Try it → Output exactly the lines between the one holding "this 2000×1600 image." and the last line of the data below, both of those lines included.

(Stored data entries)

***

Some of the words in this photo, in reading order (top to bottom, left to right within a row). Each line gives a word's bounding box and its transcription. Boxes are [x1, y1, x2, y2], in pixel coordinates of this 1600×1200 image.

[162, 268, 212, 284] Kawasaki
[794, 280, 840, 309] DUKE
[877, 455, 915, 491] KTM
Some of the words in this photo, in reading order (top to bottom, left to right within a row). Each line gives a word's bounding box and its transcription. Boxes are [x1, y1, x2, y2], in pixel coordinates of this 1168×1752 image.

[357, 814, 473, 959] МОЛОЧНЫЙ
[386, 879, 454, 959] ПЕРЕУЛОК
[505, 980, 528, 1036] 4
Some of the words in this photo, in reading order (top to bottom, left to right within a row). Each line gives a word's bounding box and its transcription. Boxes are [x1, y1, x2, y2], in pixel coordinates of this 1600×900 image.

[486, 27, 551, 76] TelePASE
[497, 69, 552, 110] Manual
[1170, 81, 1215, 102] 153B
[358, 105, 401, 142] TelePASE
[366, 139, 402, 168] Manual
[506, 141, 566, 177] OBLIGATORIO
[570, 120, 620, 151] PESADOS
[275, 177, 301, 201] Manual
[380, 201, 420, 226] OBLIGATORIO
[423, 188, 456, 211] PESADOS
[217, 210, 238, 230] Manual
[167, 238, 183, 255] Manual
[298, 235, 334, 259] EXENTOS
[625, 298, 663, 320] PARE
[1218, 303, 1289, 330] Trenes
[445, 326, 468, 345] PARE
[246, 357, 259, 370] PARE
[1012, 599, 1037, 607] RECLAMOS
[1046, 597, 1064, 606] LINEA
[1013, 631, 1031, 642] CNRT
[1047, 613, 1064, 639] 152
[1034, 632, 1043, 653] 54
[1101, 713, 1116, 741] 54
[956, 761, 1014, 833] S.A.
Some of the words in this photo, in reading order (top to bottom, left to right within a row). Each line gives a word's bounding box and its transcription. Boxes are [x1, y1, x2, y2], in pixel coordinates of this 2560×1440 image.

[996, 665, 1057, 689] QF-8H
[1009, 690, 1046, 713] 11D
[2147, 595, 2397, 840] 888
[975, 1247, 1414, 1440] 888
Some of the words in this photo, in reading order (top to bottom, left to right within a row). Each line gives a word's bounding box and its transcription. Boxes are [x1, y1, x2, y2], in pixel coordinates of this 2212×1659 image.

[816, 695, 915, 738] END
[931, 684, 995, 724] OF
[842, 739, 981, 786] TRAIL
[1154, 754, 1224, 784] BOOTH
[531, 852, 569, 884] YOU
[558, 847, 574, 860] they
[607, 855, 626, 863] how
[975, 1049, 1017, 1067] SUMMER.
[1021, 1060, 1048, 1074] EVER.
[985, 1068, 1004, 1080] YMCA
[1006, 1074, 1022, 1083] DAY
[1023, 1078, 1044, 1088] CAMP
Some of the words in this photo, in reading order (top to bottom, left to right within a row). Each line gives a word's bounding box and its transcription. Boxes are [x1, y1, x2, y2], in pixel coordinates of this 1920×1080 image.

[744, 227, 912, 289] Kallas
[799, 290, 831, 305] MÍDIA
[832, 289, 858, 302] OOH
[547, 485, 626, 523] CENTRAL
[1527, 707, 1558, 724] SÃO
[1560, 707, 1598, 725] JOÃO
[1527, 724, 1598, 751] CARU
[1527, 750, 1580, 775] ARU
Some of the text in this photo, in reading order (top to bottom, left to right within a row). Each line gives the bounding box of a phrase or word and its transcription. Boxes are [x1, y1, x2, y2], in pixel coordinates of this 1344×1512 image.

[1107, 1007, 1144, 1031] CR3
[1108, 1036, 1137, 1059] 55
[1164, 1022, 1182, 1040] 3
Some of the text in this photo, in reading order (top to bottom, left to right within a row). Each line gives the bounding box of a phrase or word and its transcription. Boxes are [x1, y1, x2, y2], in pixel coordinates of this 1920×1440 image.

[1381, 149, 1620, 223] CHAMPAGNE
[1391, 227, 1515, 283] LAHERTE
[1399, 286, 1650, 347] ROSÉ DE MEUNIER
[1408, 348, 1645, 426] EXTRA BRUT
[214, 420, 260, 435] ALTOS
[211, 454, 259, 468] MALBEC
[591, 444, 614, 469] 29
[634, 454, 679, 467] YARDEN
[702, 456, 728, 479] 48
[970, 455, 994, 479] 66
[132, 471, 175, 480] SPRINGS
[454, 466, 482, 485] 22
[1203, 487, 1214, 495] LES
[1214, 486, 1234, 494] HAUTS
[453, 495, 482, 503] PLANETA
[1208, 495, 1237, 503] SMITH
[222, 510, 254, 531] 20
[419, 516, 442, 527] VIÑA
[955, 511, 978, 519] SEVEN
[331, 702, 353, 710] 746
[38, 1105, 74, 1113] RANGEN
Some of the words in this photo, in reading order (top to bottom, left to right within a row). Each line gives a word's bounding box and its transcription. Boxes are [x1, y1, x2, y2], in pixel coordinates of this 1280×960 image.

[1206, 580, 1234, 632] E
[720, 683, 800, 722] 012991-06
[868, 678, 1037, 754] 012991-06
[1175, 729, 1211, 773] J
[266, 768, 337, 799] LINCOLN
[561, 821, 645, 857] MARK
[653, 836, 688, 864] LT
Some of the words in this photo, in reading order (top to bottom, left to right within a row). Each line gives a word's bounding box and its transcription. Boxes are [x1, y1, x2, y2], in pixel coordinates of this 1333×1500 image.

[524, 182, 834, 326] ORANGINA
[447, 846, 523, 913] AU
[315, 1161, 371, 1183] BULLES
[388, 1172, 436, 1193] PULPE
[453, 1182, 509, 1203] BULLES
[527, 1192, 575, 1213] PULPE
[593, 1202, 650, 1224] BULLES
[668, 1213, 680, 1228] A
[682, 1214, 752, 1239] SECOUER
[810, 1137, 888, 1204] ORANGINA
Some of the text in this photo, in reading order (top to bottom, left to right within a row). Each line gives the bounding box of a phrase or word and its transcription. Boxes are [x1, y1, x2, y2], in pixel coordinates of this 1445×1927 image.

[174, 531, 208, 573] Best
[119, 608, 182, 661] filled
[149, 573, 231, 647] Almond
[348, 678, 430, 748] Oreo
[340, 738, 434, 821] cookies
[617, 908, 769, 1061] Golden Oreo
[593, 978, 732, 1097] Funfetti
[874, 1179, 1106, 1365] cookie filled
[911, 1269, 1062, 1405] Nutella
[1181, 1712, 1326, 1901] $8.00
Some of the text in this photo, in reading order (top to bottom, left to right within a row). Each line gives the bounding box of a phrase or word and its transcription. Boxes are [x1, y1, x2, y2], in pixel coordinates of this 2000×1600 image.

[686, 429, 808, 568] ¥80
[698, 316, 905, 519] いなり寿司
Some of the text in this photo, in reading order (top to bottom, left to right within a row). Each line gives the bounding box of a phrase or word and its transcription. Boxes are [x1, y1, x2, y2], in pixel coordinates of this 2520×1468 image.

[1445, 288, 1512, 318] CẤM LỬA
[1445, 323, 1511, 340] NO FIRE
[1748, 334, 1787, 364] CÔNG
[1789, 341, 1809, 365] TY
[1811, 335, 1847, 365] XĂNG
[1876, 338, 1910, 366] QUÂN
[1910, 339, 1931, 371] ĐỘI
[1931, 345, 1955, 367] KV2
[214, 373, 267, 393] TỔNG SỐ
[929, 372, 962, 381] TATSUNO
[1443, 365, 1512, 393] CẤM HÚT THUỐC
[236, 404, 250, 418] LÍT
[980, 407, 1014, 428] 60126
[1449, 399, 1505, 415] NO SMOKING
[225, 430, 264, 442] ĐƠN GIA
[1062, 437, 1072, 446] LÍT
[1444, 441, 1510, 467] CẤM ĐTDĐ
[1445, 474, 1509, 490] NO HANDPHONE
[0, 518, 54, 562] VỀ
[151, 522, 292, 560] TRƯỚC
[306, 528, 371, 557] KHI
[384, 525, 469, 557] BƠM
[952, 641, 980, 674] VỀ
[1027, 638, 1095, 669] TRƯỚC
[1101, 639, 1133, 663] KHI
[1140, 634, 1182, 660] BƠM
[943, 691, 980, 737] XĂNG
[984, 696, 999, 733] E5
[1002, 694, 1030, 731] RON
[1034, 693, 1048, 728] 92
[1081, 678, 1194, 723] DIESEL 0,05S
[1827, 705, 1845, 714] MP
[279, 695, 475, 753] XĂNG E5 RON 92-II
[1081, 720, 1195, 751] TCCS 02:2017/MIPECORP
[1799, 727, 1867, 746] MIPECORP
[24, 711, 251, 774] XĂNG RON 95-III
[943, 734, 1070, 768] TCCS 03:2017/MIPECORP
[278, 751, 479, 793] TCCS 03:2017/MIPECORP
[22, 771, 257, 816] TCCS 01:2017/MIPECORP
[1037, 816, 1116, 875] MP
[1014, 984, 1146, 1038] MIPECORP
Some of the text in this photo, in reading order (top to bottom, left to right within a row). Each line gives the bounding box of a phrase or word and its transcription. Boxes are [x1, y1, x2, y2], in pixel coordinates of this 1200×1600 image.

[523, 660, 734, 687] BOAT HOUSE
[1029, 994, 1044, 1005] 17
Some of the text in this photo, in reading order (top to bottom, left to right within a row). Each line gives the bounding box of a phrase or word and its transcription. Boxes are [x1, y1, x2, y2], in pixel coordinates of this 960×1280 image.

***

Your response →
Some of the text in this photo, in reading order (top to bottom, left to right within a row). Each line gives the bounding box of a phrase or word and its transcription. Boxes are [x1, y1, x2, y2], in pixel coordinates of this 2000×1600 image.

[686, 429, 808, 568] ¥80
[698, 316, 905, 519] いなり寿司
Some of the text in this photo, in reading order (top to bottom, left to right within a row). Each line gives the bounding box of a phrase or word and its transcription. Boxes are [x1, y1, x2, y2], in pixel coordinates of this 2520×1468 image.

[1445, 288, 1512, 318] CẤM LỬA
[1445, 323, 1511, 340] NO FIRE
[1748, 334, 1787, 364] CÔNG
[1789, 341, 1809, 365] TY
[1811, 335, 1847, 365] XĂNG
[1876, 338, 1910, 366] QUÂN
[1910, 339, 1931, 371] ĐỘI
[1931, 345, 1955, 367] KV2
[214, 373, 267, 393] TỔNG SỐ
[929, 372, 962, 381] TATSUNO
[1443, 365, 1512, 393] CẤM HÚT THUỐC
[236, 404, 250, 418] LÍT
[980, 407, 1014, 428] 60126
[1449, 399, 1505, 415] NO SMOKING
[225, 430, 264, 442] ĐƠN GIA
[1062, 437, 1072, 446] LÍT
[1444, 441, 1510, 467] CẤM ĐTDĐ
[1445, 474, 1509, 490] NO HANDPHONE
[0, 518, 54, 562] VỀ
[151, 522, 292, 560] TRƯỚC
[306, 528, 371, 557] KHI
[384, 525, 469, 557] BƠM
[952, 641, 980, 674] VỀ
[1027, 638, 1095, 669] TRƯỚC
[1101, 639, 1133, 663] KHI
[1140, 634, 1182, 660] BƠM
[943, 691, 980, 737] XĂNG
[984, 696, 999, 733] E5
[1002, 694, 1030, 731] RON
[1034, 693, 1048, 728] 92
[1081, 678, 1194, 723] DIESEL 0,05S
[1827, 705, 1845, 714] MP
[279, 695, 475, 753] XĂNG E5 RON 92-II
[1081, 720, 1195, 751] TCCS 02:2017/MIPECORP
[1799, 727, 1867, 746] MIPECORP
[24, 711, 251, 774] XĂNG RON 95-III
[943, 734, 1070, 768] TCCS 03:2017/MIPECORP
[278, 751, 479, 793] TCCS 03:2017/MIPECORP
[22, 771, 257, 816] TCCS 01:2017/MIPECORP
[1037, 816, 1116, 875] MP
[1014, 984, 1146, 1038] MIPECORP
Some of the text in this photo, in reading order (top to bottom, left to right within a row). Each line gives the bounding box of a phrase or word and its transcription. Boxes are [x1, y1, x2, y2], in pixel coordinates of this 1200×1600 image.

[523, 660, 734, 687] BOAT HOUSE
[1029, 994, 1044, 1005] 17
Some of the text in this photo, in reading order (top to bottom, left to right within a row). Each line gives the bounding box of a phrase or word and its transcription. Boxes are [x1, y1, x2, y2], in pixel coordinates of this 960×1280 image.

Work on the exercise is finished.